The Madrid Prosecutor’s Office requests a year in prison for Daniel Sancho for the alleged commission of a crime of injuries in relation to an attack that occurred in November 2019 on José Abascal street in Madrid.
This is stated in a letter from April 2020, to which he had access Europa Pressin which the prosecutor asked the investigating judge to proceed with the opening of an oral trial, a procedure that already took place by order in November 2021. The procedure is pending appointment for prosecution.
The son of actor Rodolfo Sancho has been in preventive prison in Thailand since August 7 for the murder and dismemberment of Edwin Arrieta Arteaga, a crime that he confessed to before the Thai Police.
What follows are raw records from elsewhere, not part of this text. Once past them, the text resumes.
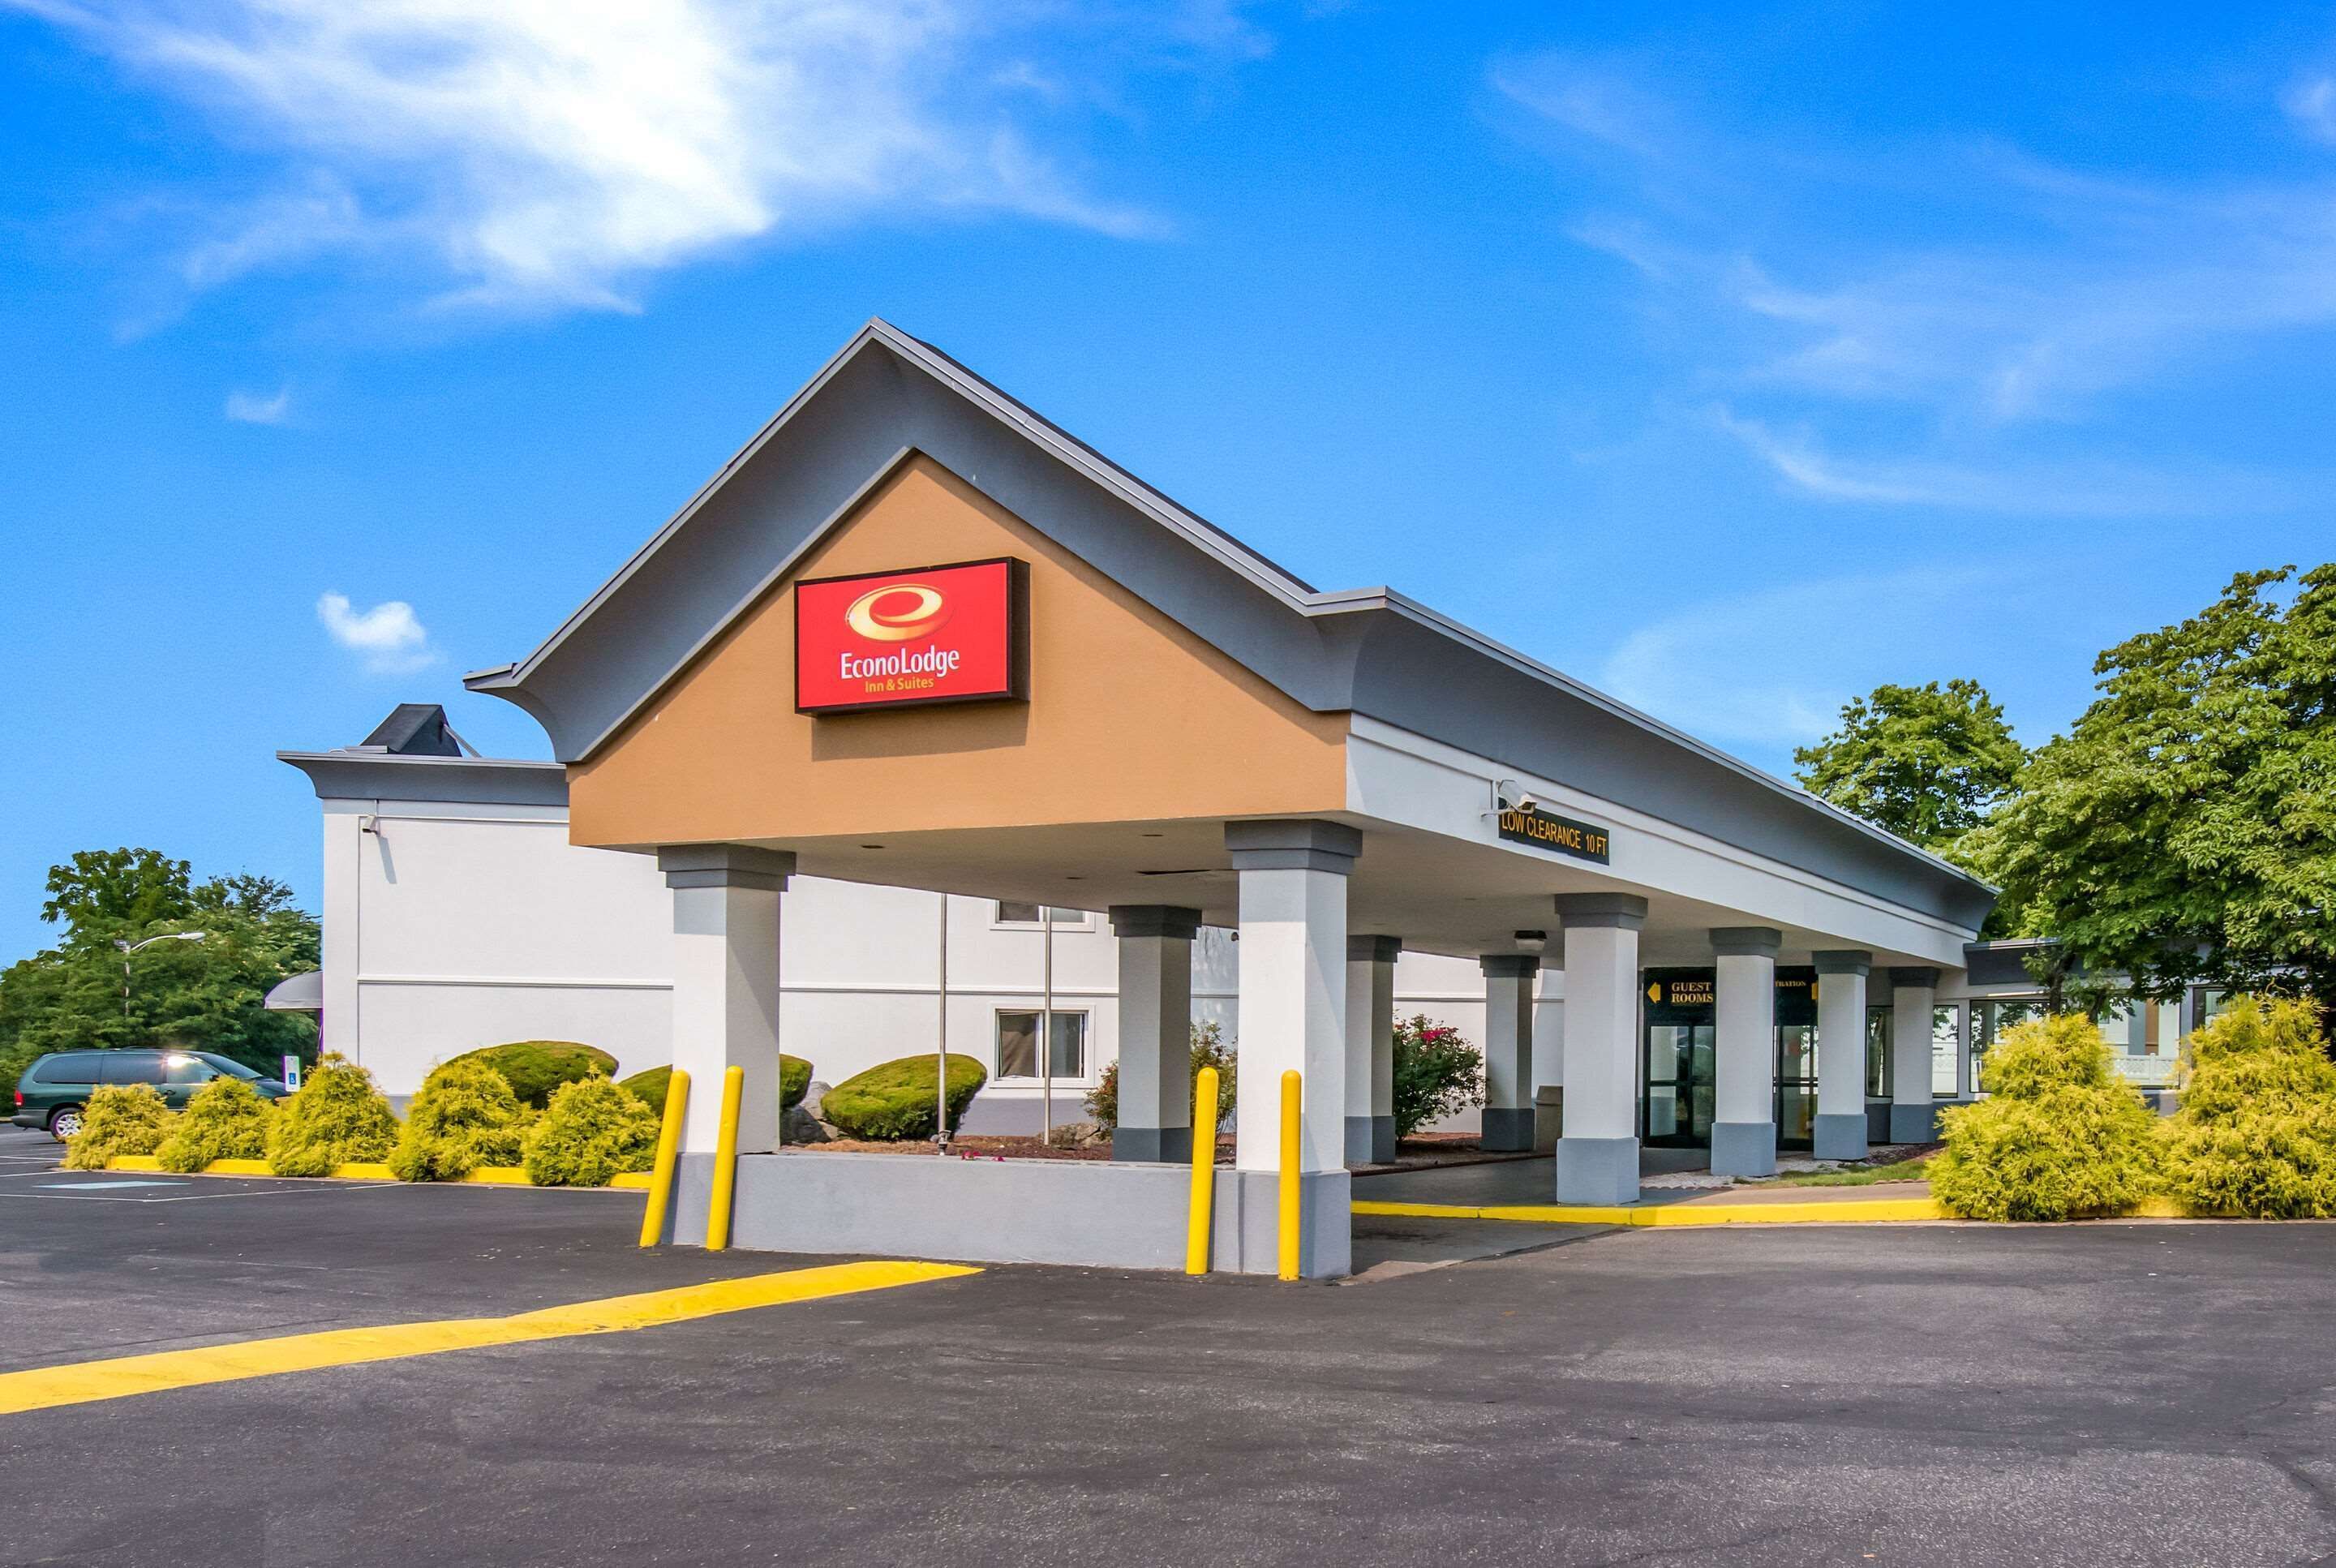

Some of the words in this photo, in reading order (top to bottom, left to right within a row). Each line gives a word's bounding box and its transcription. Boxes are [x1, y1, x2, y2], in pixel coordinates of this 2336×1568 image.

[865, 681, 884, 693] Inn
[886, 679, 895, 691] &
[897, 677, 934, 690] Suites
[1501, 812, 1525, 833] LOW
[1527, 817, 1581, 848] CLEARANCE
[1586, 833, 1595, 853] 10
[1596, 837, 1607, 856] FT
[1671, 982, 1711, 991] GUEST
[1671, 993, 1714, 1003] ROOMS
Regarding the alleged injuries, the prosecutor has refused to request Thailand to extradite the young man to be tried in Spain for these events from 2019.
According to the document, the accused, around 4 a.m. on November 9, 2019, was in the vicinity of José Abascal Street in this capital, when “at a certain moment he proceeded to get into a taxi vehicle that was there, without respecting the queue that had formed to use the public service”.
At that time, he was reprimanded by JC. After that, “the accused, with the intention of injuring, proceeded to punch him in the head, causing injuries that took twelve days to heal.” The injured man suffered aesthetic damage due to the breakage of his upper right incisor tooth.
The prosecutor qualifies the facts as a crime of injuries provided for and punishable in article 147.1 of the Penal Code. The accused is responsible for the aforementioned crime as author in accordance with articles 27 and 28.1 of the penal code.
Rejects extradition
In his recent writing, the prosecutor opposes extradition because there are “alternative” measures that would allow the trial to be held and also explains that “there is no evidence” that the accused’s stay in Thailand seeks to escape from Spanish Justice because “there is always has been at the disposal of the Court in all the summons received”.
For its part, the Prosecutor’s Office recalls that in the procedure opened in Spain, no reasoned order of imprisonment has been issued in any procedural phase, “nor is it possible at the present time to request it.”